* Directions: Output the data that follows, keeping every line identical.
Records provided section start
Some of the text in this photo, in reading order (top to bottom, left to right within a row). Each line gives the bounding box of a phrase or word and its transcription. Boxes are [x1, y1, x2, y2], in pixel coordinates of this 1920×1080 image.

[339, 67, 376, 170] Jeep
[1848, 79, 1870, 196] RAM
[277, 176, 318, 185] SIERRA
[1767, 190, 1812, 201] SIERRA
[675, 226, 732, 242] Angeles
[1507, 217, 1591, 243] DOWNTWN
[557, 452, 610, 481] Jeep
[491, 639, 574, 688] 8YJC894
Records provided section end
* Exercise result:
Some of the text in this photo, in reading order (top to bottom, left to right within a row). Each line gives the bounding box of a phrase or word and its transcription. Boxes are [x1, y1, x2, y2], in pixel coordinates of this 1920×1080 image.

[339, 67, 376, 170] Jeep
[1848, 79, 1870, 196] RAM
[277, 176, 318, 185] SIERRA
[1767, 190, 1812, 201] SIERRA
[675, 226, 732, 242] Angeles
[1507, 217, 1591, 243] DOWNTWN
[557, 452, 610, 481] Jeep
[491, 639, 574, 688] 8YJC894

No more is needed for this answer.